*Provided records*.
——
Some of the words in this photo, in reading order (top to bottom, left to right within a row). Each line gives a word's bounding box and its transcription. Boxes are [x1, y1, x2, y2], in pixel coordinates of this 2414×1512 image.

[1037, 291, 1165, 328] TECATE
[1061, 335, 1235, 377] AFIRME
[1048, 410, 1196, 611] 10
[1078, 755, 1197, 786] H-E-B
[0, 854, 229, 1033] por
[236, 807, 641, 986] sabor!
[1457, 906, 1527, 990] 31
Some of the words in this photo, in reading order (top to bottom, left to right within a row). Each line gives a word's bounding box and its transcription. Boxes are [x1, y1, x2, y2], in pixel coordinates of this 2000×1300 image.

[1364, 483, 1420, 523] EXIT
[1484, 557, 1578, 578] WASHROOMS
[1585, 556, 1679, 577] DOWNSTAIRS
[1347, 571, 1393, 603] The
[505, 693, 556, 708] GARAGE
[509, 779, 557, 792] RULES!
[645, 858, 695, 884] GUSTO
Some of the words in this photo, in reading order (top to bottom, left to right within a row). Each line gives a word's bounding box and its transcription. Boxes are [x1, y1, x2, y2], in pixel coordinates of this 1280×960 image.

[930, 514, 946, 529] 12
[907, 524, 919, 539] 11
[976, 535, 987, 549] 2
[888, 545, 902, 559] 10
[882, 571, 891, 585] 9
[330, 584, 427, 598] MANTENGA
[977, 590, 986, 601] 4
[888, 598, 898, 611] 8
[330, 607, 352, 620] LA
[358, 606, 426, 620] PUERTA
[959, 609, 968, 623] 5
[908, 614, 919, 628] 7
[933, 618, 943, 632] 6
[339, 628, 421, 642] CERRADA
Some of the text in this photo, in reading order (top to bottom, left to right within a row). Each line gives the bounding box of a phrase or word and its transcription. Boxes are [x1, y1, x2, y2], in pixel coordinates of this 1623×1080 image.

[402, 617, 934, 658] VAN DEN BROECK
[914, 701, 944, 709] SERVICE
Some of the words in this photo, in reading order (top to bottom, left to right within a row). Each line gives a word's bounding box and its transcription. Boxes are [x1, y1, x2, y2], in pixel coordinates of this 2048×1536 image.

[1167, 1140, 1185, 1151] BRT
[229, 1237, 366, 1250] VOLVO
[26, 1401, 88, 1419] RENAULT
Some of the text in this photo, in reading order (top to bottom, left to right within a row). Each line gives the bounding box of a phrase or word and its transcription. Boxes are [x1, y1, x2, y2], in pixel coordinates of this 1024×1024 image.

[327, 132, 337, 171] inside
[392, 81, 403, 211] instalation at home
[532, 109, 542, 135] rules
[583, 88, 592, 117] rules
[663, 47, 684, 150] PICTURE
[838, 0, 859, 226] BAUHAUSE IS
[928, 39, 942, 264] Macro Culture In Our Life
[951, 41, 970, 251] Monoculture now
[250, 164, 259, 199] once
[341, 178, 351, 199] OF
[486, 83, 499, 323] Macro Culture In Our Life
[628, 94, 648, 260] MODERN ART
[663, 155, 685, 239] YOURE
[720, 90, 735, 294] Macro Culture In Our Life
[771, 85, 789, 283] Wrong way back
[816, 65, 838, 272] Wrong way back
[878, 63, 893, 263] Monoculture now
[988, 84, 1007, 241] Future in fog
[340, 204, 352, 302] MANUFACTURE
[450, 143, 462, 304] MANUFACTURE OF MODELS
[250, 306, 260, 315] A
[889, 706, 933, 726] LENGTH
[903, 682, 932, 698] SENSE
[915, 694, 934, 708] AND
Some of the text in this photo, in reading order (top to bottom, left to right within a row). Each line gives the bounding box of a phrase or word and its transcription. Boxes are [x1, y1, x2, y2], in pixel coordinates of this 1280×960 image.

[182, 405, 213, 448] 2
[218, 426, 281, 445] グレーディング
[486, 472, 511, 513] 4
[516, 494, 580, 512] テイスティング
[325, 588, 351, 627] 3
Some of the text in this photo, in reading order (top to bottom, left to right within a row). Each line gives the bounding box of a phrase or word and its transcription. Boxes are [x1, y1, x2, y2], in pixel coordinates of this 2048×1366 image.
——
*Task*.
Print each entry exactly as it was written.

*Answer box*.
Some of the words in this photo, in reading order (top to bottom, left to right within a row). Each line gives a word's bounding box and its transcription. Boxes are [x1, y1, x2, y2], in pixel coordinates of this 2414×1512 image.

[1037, 291, 1165, 328] TECATE
[1061, 335, 1235, 377] AFIRME
[1048, 410, 1196, 611] 10
[1078, 755, 1197, 786] H-E-B
[0, 854, 229, 1033] por
[236, 807, 641, 986] sabor!
[1457, 906, 1527, 990] 31
Some of the words in this photo, in reading order (top to bottom, left to right within a row). Each line gives a word's bounding box and its transcription. Boxes are [x1, y1, x2, y2], in pixel coordinates of this 2000×1300 image.

[1364, 483, 1420, 523] EXIT
[1484, 557, 1578, 578] WASHROOMS
[1585, 556, 1679, 577] DOWNSTAIRS
[1347, 571, 1393, 603] The
[505, 693, 556, 708] GARAGE
[509, 779, 557, 792] RULES!
[645, 858, 695, 884] GUSTO
Some of the words in this photo, in reading order (top to bottom, left to right within a row). Each line gives a word's bounding box and its transcription. Boxes are [x1, y1, x2, y2], in pixel coordinates of this 1280×960 image.

[930, 514, 946, 529] 12
[907, 524, 919, 539] 11
[976, 535, 987, 549] 2
[888, 545, 902, 559] 10
[882, 571, 891, 585] 9
[330, 584, 427, 598] MANTENGA
[977, 590, 986, 601] 4
[888, 598, 898, 611] 8
[330, 607, 352, 620] LA
[358, 606, 426, 620] PUERTA
[959, 609, 968, 623] 5
[908, 614, 919, 628] 7
[933, 618, 943, 632] 6
[339, 628, 421, 642] CERRADA
Some of the text in this photo, in reading order (top to bottom, left to right within a row). Each line gives the bounding box of a phrase or word and its transcription. Boxes are [x1, y1, x2, y2], in pixel coordinates of this 1623×1080 image.

[402, 617, 934, 658] VAN DEN BROECK
[914, 701, 944, 709] SERVICE
Some of the words in this photo, in reading order (top to bottom, left to right within a row). Each line gives a word's bounding box and its transcription. Boxes are [x1, y1, x2, y2], in pixel coordinates of this 2048×1536 image.

[1167, 1140, 1185, 1151] BRT
[229, 1237, 366, 1250] VOLVO
[26, 1401, 88, 1419] RENAULT
Some of the text in this photo, in reading order (top to bottom, left to right within a row). Each line gives the bounding box of a phrase or word and its transcription. Boxes are [x1, y1, x2, y2], in pixel coordinates of this 1024×1024 image.

[327, 132, 337, 171] inside
[392, 81, 403, 211] instalation at home
[532, 109, 542, 135] rules
[583, 88, 592, 117] rules
[663, 47, 684, 150] PICTURE
[838, 0, 859, 226] BAUHAUSE IS
[928, 39, 942, 264] Macro Culture In Our Life
[951, 41, 970, 251] Monoculture now
[250, 164, 259, 199] once
[341, 178, 351, 199] OF
[486, 83, 499, 323] Macro Culture In Our Life
[628, 94, 648, 260] MODERN ART
[663, 155, 685, 239] YOURE
[720, 90, 735, 294] Macro Culture In Our Life
[771, 85, 789, 283] Wrong way back
[816, 65, 838, 272] Wrong way back
[878, 63, 893, 263] Monoculture now
[988, 84, 1007, 241] Future in fog
[340, 204, 352, 302] MANUFACTURE
[450, 143, 462, 304] MANUFACTURE OF MODELS
[250, 306, 260, 315] A
[889, 706, 933, 726] LENGTH
[903, 682, 932, 698] SENSE
[915, 694, 934, 708] AND
Some of the text in this photo, in reading order (top to bottom, left to right within a row). Each line gives the bounding box of a phrase or word and its transcription. Boxes are [x1, y1, x2, y2], in pixel coordinates of this 1280×960 image.

[182, 405, 213, 448] 2
[218, 426, 281, 445] グレーディング
[486, 472, 511, 513] 4
[516, 494, 580, 512] テイスティング
[325, 588, 351, 627] 3
Some of the text in this photo, in reading order (top to bottom, left to right within a row). Each line gives the bounding box of a phrase or word and its transcription. Boxes are [x1, y1, x2, y2], in pixel coordinates of this 2048×1366 image.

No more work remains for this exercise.